Background: Enhancer RNA (eRNA) is a non-coding RNA transcribed by enhancers and has a crucial role in controlling gene transcription. However, the potential functions of eRNA in prostate cancer (PCa) are still not fully understood. Methods: Clinical information and expression data of eRNAs and their target genes for PCa were downloaded from The Cancer Genome Atlas. Each eRNA in PCa samples was divided into high- and low-expression groups. The Kaplan–Meier method was used to identify the eRNAs significantly associated with the overall survival of PCa.

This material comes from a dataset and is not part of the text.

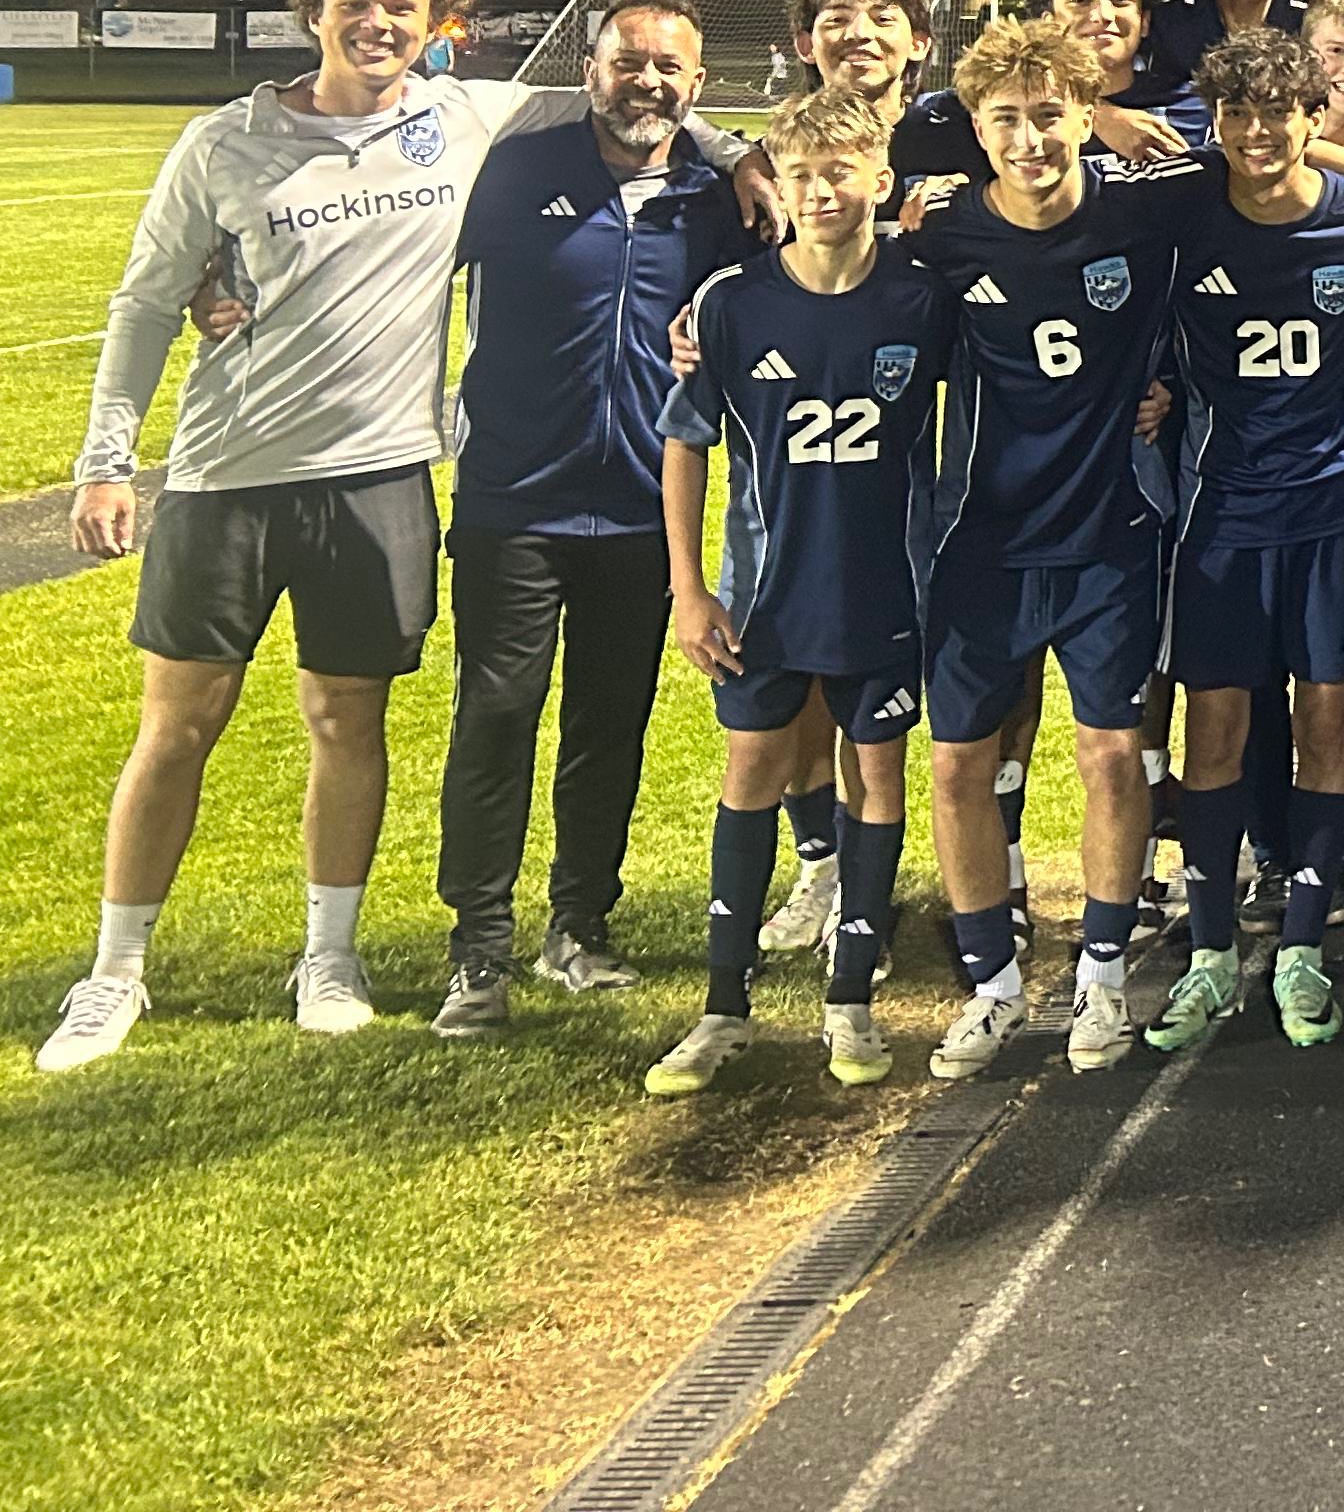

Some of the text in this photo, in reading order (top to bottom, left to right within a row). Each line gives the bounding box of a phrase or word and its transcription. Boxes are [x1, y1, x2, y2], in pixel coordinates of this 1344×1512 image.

Their correlations with age, prostate-specific antigen (PSA), and tumor stage were analyzed using Spearman coefficients. Finally, Gene Ontology (GO) and Kyoto Encyclopedia of Genes and Genomes (KEEG) analyses were used to predict the possible biological functions and pathways associated with eRNAs. Results: We identified 12 eRNAs associated with PCa survival, of which PARGP1 was the most clinically significant. It was associated with biochemical recurrence in PCa patients and was also a valuable complement to distinguish between PSA 0–4 ng/ml and 4–10 ng/ml. GO, and KEEG analysis showed that herpes simplex virus-1 infection was the most biologically significant enriched process. Conclusions: PARGP1 is associated with biochemical recurrence in prostate cancer and contributes to assessing the outcome.